Task to complete: Restate the entries word for word and skip every image.

Extracted records:
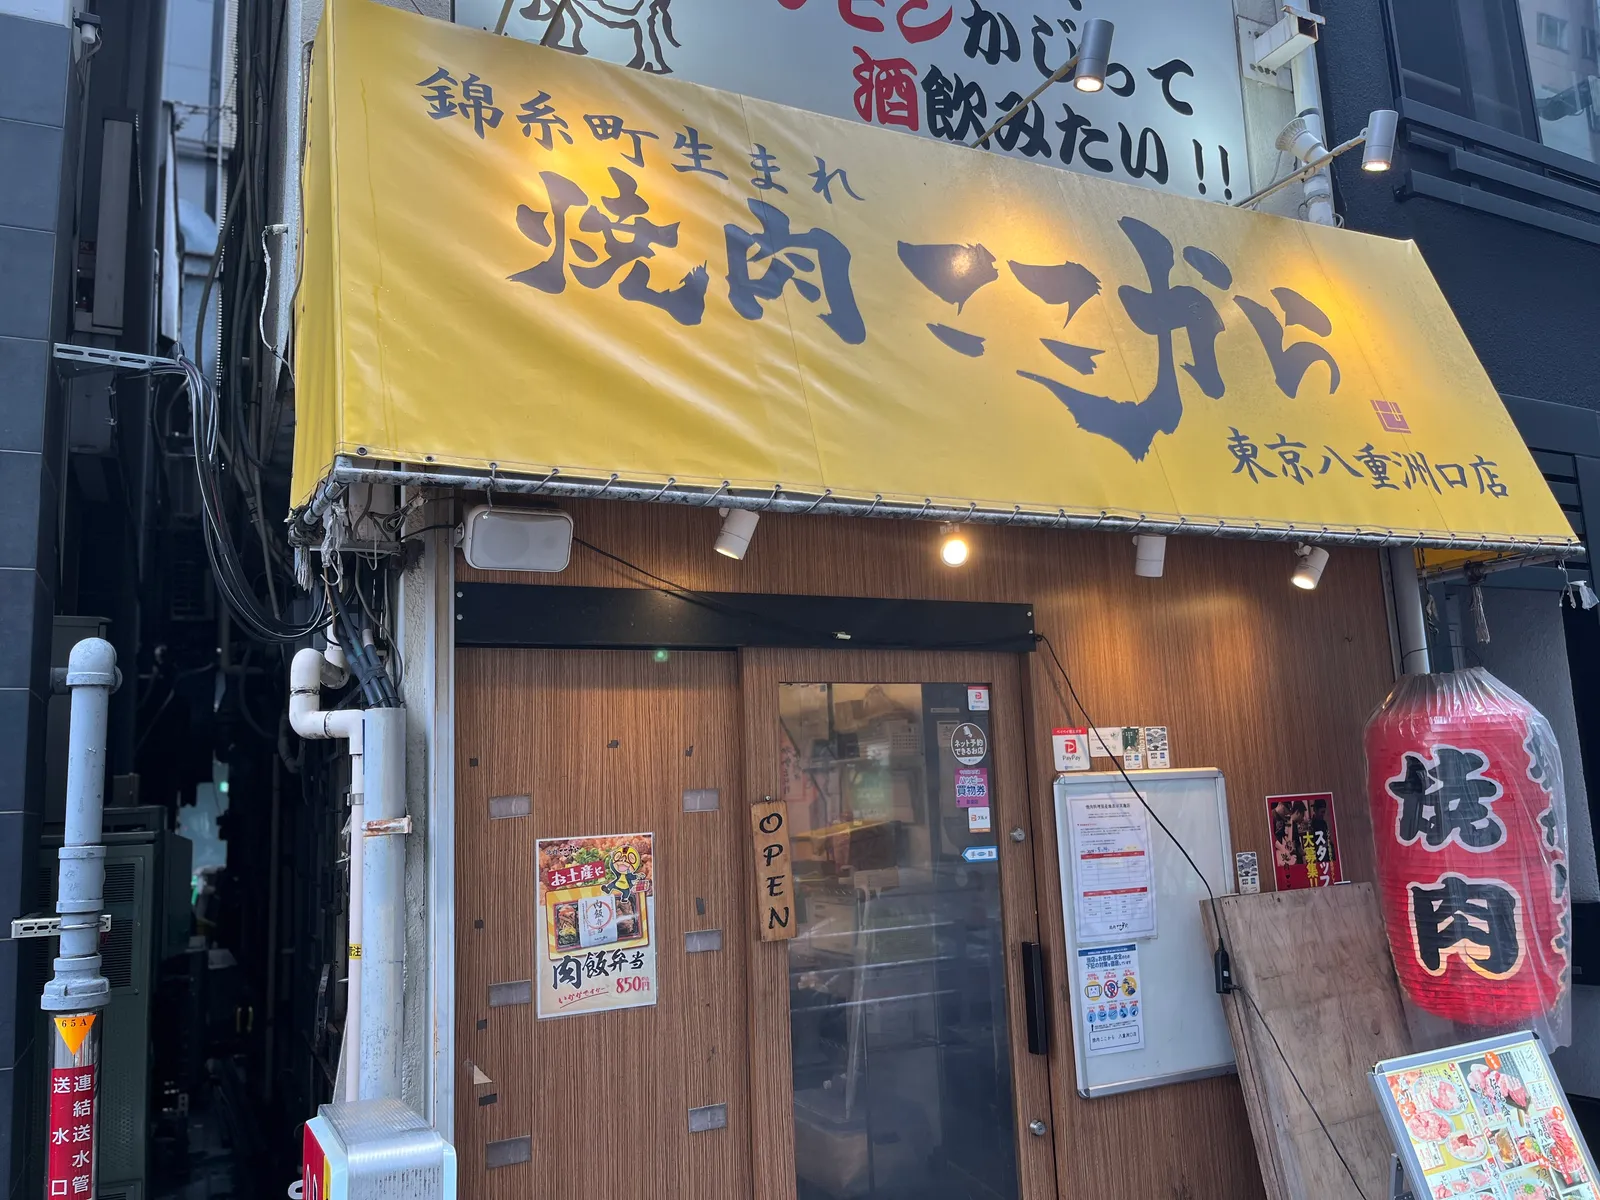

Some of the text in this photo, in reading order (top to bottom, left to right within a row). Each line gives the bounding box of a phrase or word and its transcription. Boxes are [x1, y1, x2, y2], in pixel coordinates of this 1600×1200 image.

[415, 66, 865, 205] 錦糸町生まれ
[1227, 426, 1510, 498] 東京八重洲口店
[954, 738, 984, 747] ネット予約
[954, 747, 984, 755] できるお店
[1062, 754, 1081, 762] PayPay
[957, 784, 986, 797] 買物券
[551, 864, 604, 887] お土産に
[759, 812, 789, 930] OPEN
[1314, 830, 1330, 887] スタッフ
[1386, 745, 1522, 979] 焼肉
[552, 947, 645, 990] 肉飯弁当
[616, 975, 650, 994] 850円
[61, 1018, 87, 1028] 65A
[51, 1077, 71, 1197] 送水口
[72, 1074, 91, 1194] 連結送水管

Task result:
Some of the text in this photo, in reading order (top to bottom, left to right within a row). Each line gives the bounding box of a phrase or word and its transcription. Boxes are [x1, y1, x2, y2], in pixel coordinates of this 1600×1200 image.

[415, 66, 865, 205] 錦糸町生まれ
[1227, 426, 1510, 498] 東京八重洲口店
[954, 738, 984, 747] ネット予約
[954, 747, 984, 755] できるお店
[1062, 754, 1081, 762] PayPay
[957, 784, 986, 797] 買物券
[551, 864, 604, 887] お土産に
[759, 812, 789, 930] OPEN
[1314, 830, 1330, 887] スタッフ
[1386, 745, 1522, 979] 焼肉
[552, 947, 645, 990] 肉飯弁当
[616, 975, 650, 994] 850円
[61, 1018, 87, 1028] 65A
[51, 1077, 71, 1197] 送水口
[72, 1074, 91, 1194] 連結送水管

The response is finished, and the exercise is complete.